(Saved data entries)
Content starts
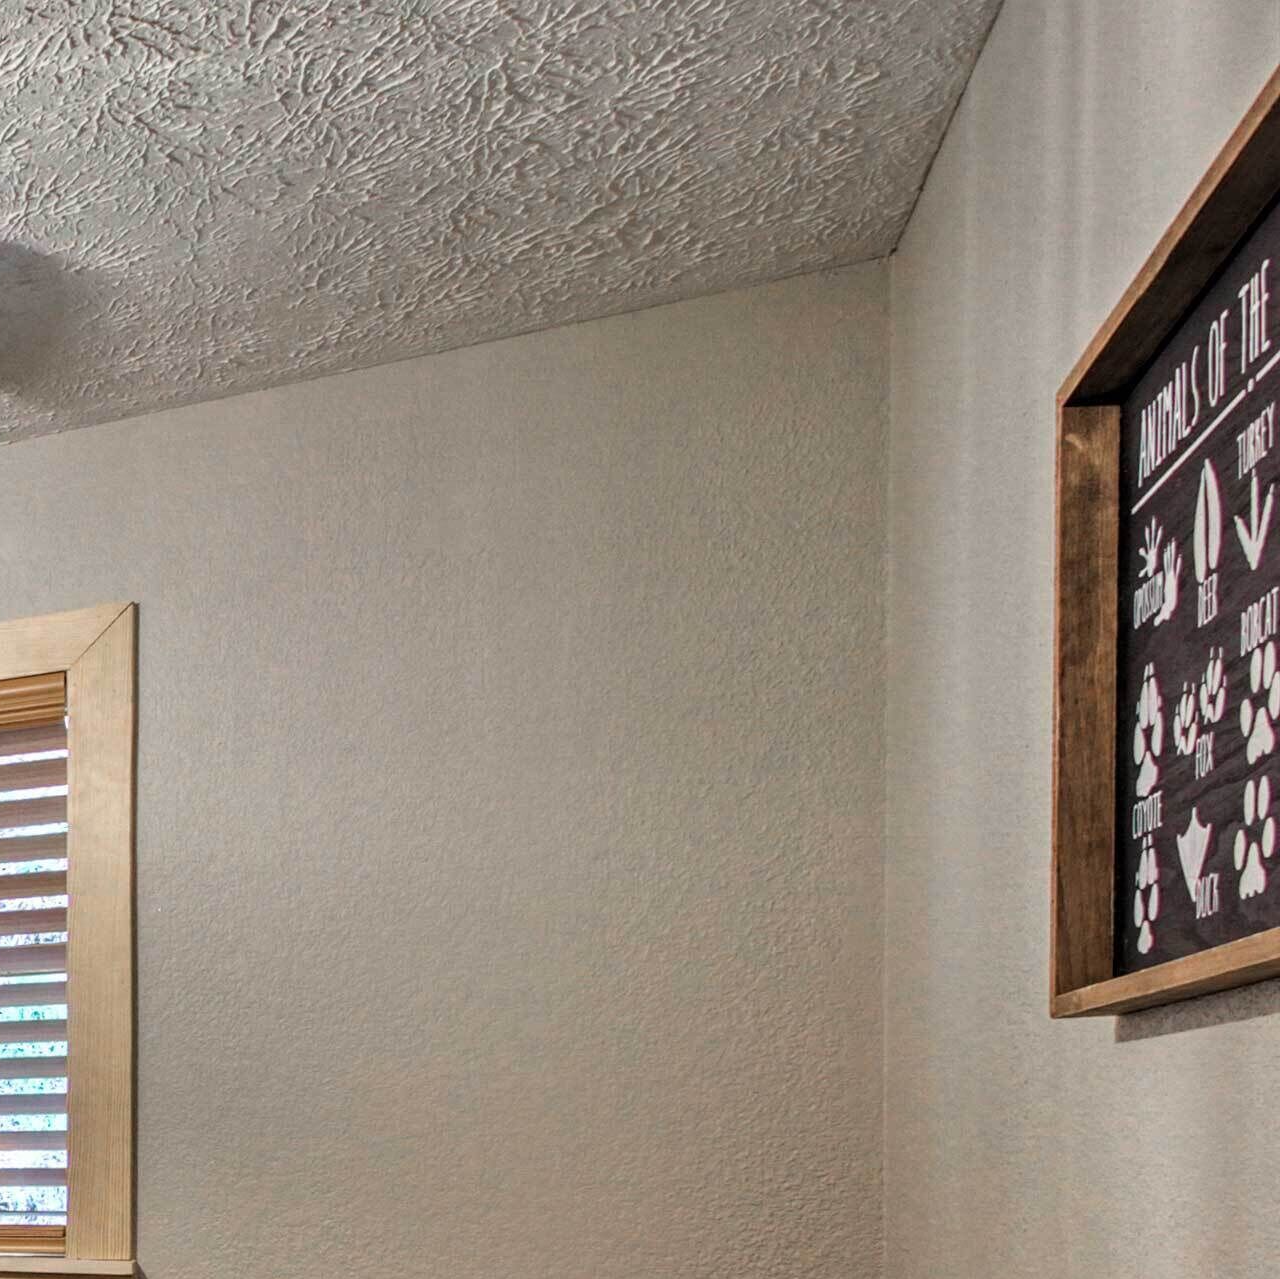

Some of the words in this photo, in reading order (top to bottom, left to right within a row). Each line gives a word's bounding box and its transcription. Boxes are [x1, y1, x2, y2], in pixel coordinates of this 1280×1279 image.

[1138, 345, 1200, 488] ANIMALS
[1208, 309, 1229, 407] OF
[1237, 258, 1272, 374] THE
[1236, 401, 1276, 480] TURKEY
[1240, 585, 1280, 658] BOBCAT
[1195, 731, 1214, 780] FOX
[1132, 790, 1163, 840] COYOTE
[1195, 872, 1220, 920] DUCK
Content ends
§ WHAT NEEDS TO BE DONE: The records above are to be repeated exactly, apart from their pictures.

§ TASK ANSWER:
Some of the words in this photo, in reading order (top to bottom, left to right within a row). Each line gives a word's bounding box and its transcription. Boxes are [x1, y1, x2, y2], in pixel coordinates of this 1280×1279 image.

[1138, 345, 1200, 488] ANIMALS
[1208, 309, 1229, 407] OF
[1237, 258, 1272, 374] THE
[1236, 401, 1276, 480] TURKEY
[1240, 585, 1280, 658] BOBCAT
[1195, 731, 1214, 780] FOX
[1132, 790, 1163, 840] COYOTE
[1195, 872, 1220, 920] DUCK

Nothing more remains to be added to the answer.